Getting from Wenchuan to Chengdu, the provincial capital, used to entail a tortuous journey of half a day through mountainous terrain, but now the trip takes just an hour on a newly built highway.

In addition to that much easier access to the outside world and a scenic riverside road in the county's township, schools, hospitals and residential buildings have been meticulously planned and built.

None of the 13 townships in the county, which was at the epicenter of the earthquake, escaped the devastation that it wrought.

Later, 13 cities of China's wealthiest province, Guangdong, were designated to help the 13 Wenchuan towns to rebuild.

The province has allocated 11.2 billion yuan ($1.72 billion) for 702 reconstruction projects in Wenchuan, and thousands of builders from Guangdong have been involved in the reconstruction effort for Wenchuan's 100,000 people.

"Reconstruction has left us with legacies that will help locals become even richer," says Li Daijun, an official with the county's legislative body.

Towns near the epicenter such as Yingxiu, Shuimo, Shanjiang have become tourist attractions and have even been given AAAA ratings because of the reconstruction effort, Li says.

Shuimo is a 20-minute ride away on the mountainous road from Yingxiu, which was at the epicenter. Ninety-two people died in Shuimo, and its infrastructure was destroyed.

As planning was made for its reconstruction, Peking University and Foshan city in Guangdong decided that it should be turned into an environmentally friendly tourist drawcard.

That has entailed embracing concepts of low-carbon emissions, and two years ago at the Sixth Global Forum on Human Settlements in New York, the work was honored as the world's best implementation of post-disaster reconstruction.

In the tiny town, there are tile-roofed wooden buildings of the Qiang ethnic group, and stores selling Qiang-style handicrafts are arranged along snaking stone alleys. Yuan Shunyan, 40, sells embroidery and local specialties in a 36-square-metere shop in the town.

An idyllic life reborn in Wenchuan

Wenchuan county is restored at its original location. [CUI MENG / CHINA DAILY]

"Business is not bad because the town has become well known," says Yuan, who moved to the town from a nearby village two years ago.

The benefits of post-quake recovery and reconstruction are not restricted to towns.

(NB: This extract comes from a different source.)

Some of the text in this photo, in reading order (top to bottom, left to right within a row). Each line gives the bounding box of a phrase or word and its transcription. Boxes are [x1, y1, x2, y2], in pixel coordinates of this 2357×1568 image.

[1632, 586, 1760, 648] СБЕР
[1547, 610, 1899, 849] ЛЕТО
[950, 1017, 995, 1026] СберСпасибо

Zhang Fagui heads Qishan village of Shanjiang town, a habitation protection zone for pandas. Nearly all the village's houses, most of them in a poor state of repair when the quake struck, and most inhabited by Tibetans, were flattened.

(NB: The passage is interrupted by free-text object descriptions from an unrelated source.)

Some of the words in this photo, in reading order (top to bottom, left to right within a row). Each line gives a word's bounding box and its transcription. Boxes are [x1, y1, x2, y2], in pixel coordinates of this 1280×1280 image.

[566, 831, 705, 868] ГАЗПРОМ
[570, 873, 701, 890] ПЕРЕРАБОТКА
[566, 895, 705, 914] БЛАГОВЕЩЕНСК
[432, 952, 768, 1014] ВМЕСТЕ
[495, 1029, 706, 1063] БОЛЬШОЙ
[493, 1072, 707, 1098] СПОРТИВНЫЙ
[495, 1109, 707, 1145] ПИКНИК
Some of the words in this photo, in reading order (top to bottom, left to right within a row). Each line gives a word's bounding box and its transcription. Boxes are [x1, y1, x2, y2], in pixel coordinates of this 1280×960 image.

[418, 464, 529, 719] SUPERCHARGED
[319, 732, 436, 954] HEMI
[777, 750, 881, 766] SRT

One of the Tibetans, a man surnamed Zhang, says that with government grants and interest-free loans, 96 families have been able to rebuild in the village, which is about 2,000 meters above sea level.

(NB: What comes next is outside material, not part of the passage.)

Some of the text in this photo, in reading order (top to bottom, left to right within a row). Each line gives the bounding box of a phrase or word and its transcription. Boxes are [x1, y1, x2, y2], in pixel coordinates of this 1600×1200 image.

To protect the environment, villagers have been required to stop farming and plant trees.

"After reconstruction, we have urgently needed to find ways to increase income," Zhang says, adding that agricultural subsidies are not enough.

With the help of Hong Kong Oxfam, 40 households in Zhang's village have started frog-farming and plan to expand the planting of traditional Chinese medicine plants.

"All of that means more income and reducing our dependency on natural resources," Zhang says. That is helping to improve pandas' habitat, too, he says.